TASK >> Every record below must come back exactly as written, with the images dropped.

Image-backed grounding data
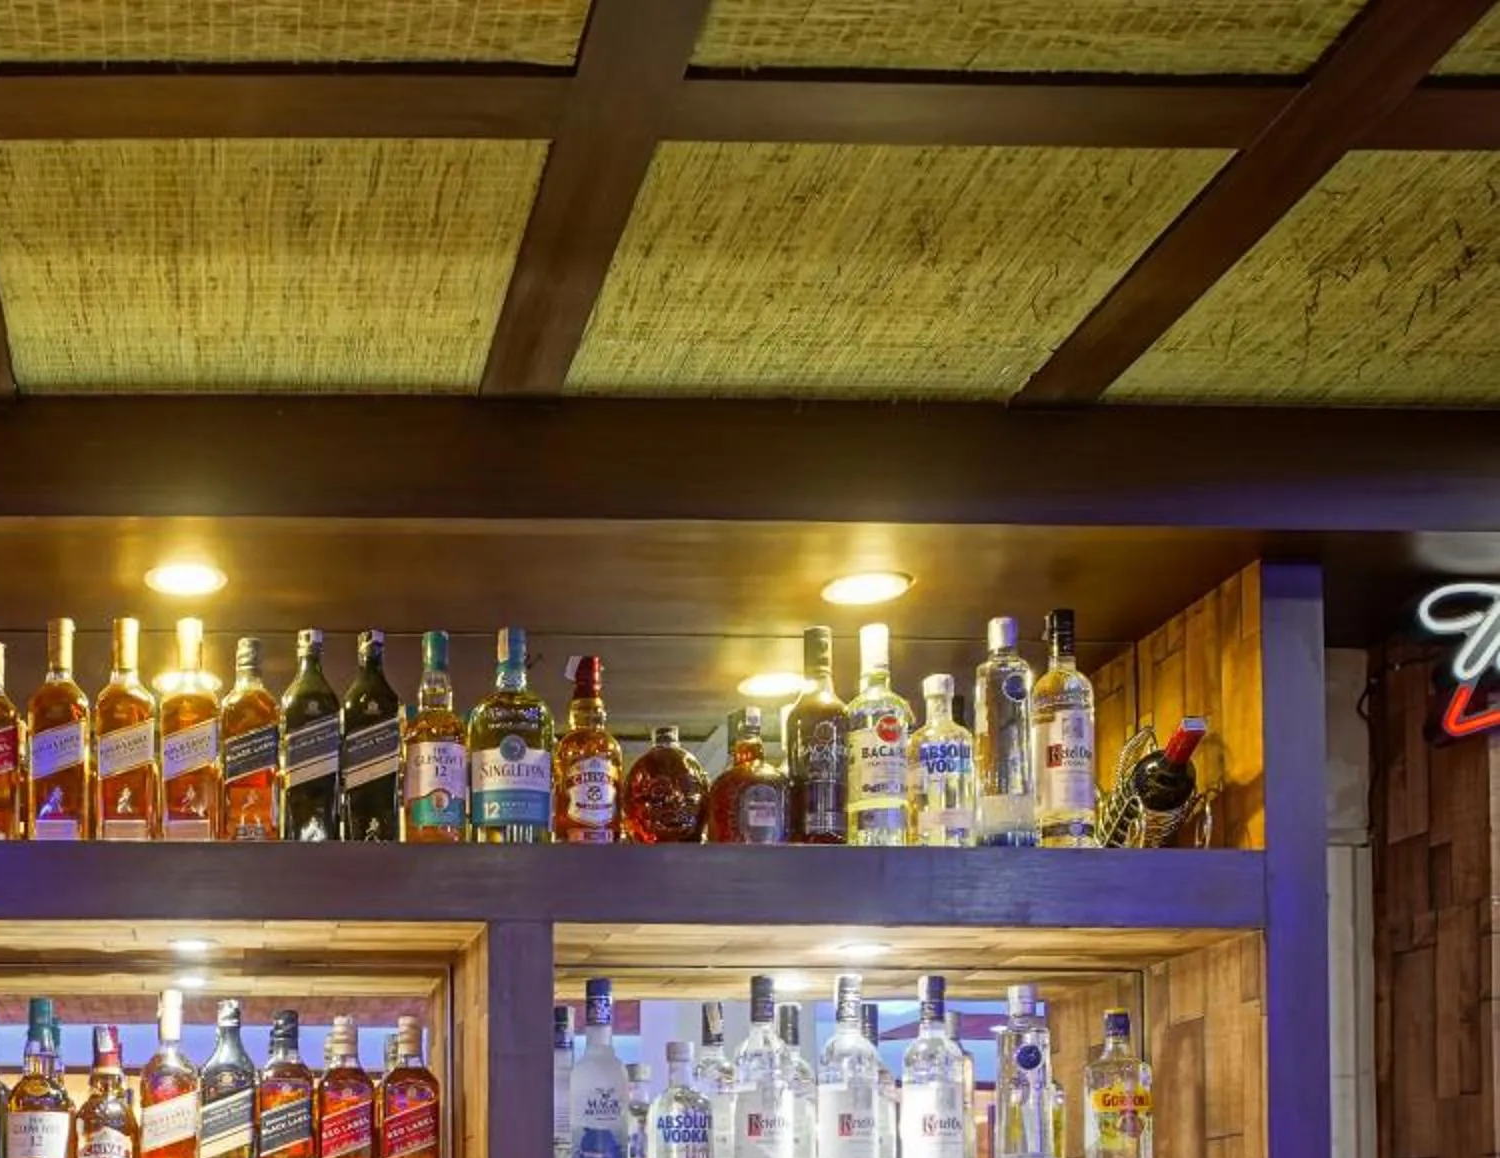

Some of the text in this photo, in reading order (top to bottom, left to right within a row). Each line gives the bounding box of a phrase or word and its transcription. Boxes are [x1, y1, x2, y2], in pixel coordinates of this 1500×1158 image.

[484, 801, 501, 819] 12
[657, 1115, 712, 1129] ABSOLUT
[662, 1129, 709, 1143] VODKA
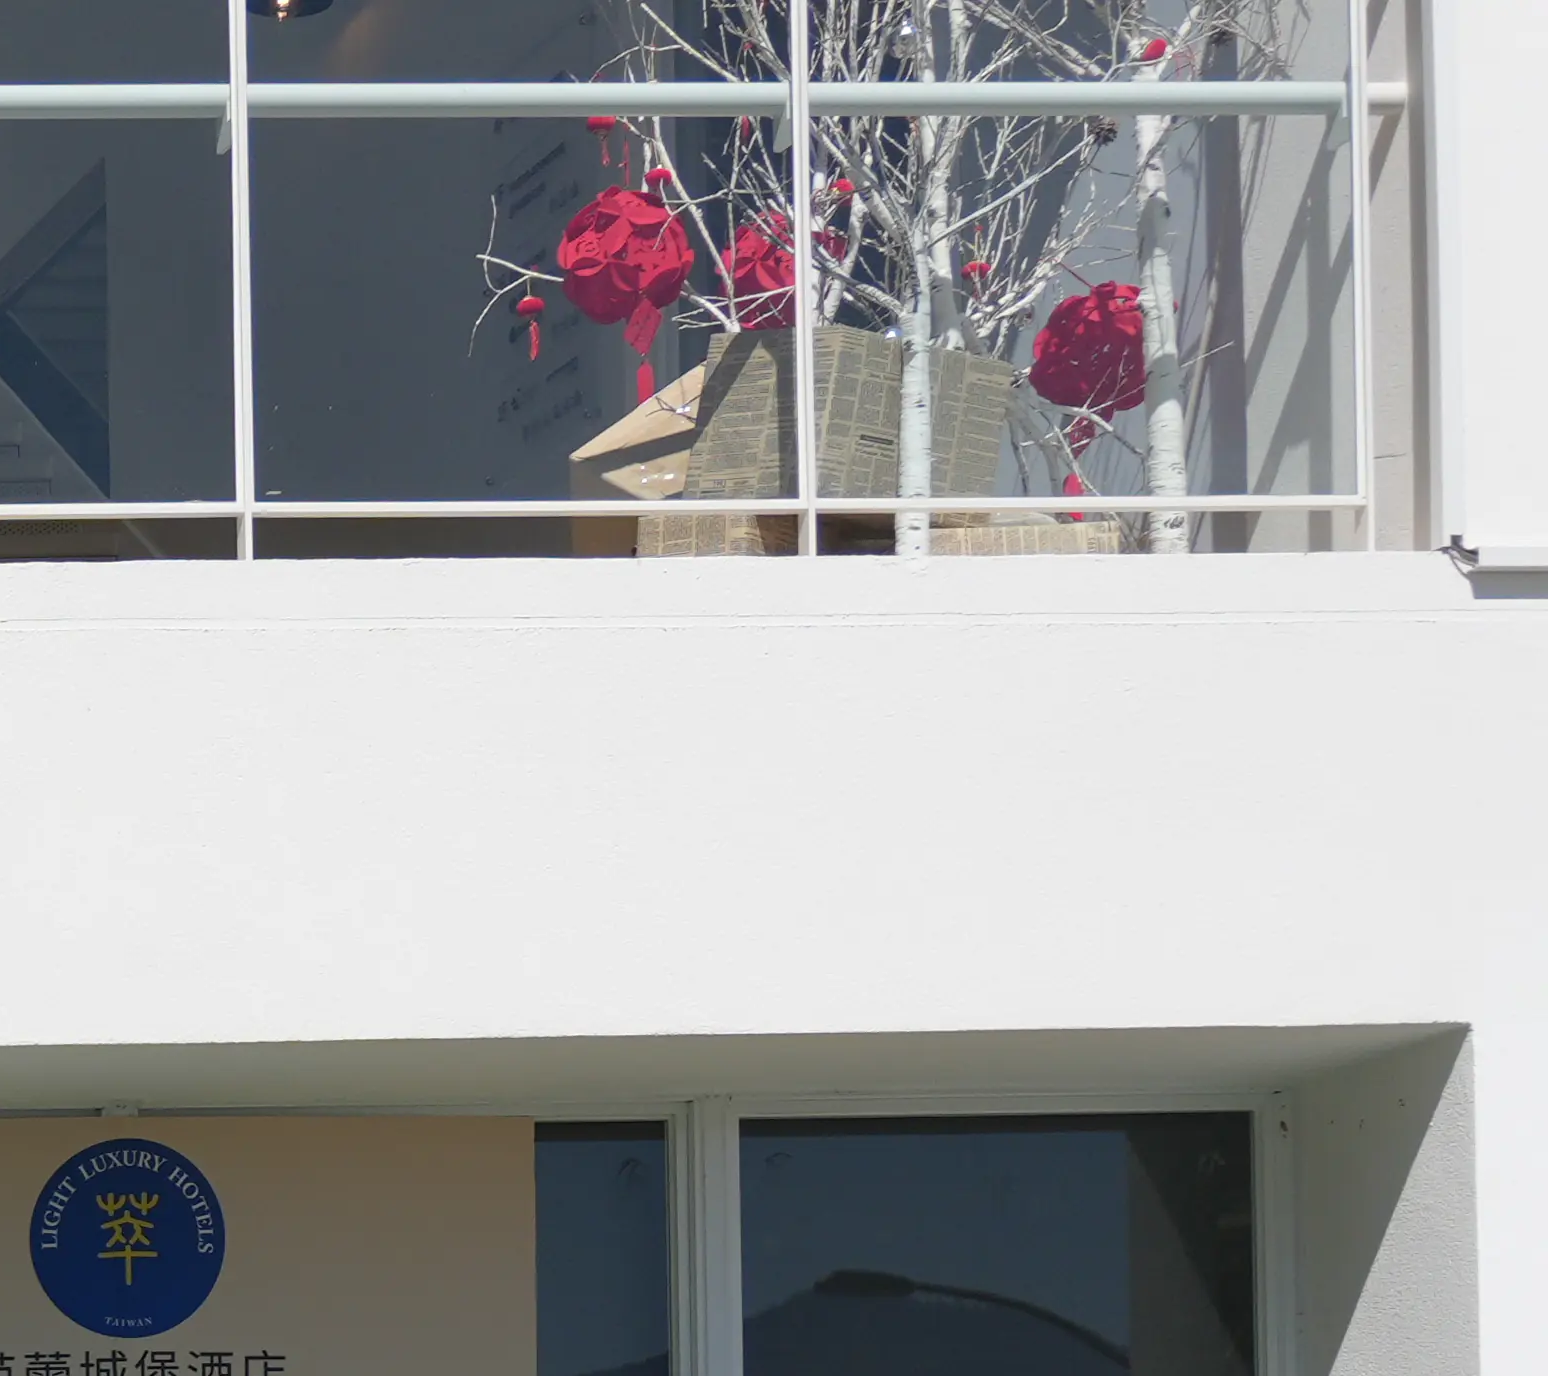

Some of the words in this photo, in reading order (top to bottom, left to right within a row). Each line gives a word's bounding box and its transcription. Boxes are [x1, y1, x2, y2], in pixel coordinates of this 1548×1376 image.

SOLUTION TO THIS EXERCISE >>
Some of the text in this photo, in reading order (top to bottom, left to right within a row). Each line gives the bounding box of a phrase or word and its transcription. Boxes are [x1, y1, x2, y2], in pixel coordinates of this 1500×1158 image.

[484, 801, 501, 819] 12
[657, 1115, 712, 1129] ABSOLUT
[662, 1129, 709, 1143] VODKA

Some of the words in this photo, in reading order (top to bottom, left to right within a row). Each line gives a word's bounding box and its transcription. Boxes are [x1, y1, x2, y2], in pixel coordinates of this 1548×1376 image.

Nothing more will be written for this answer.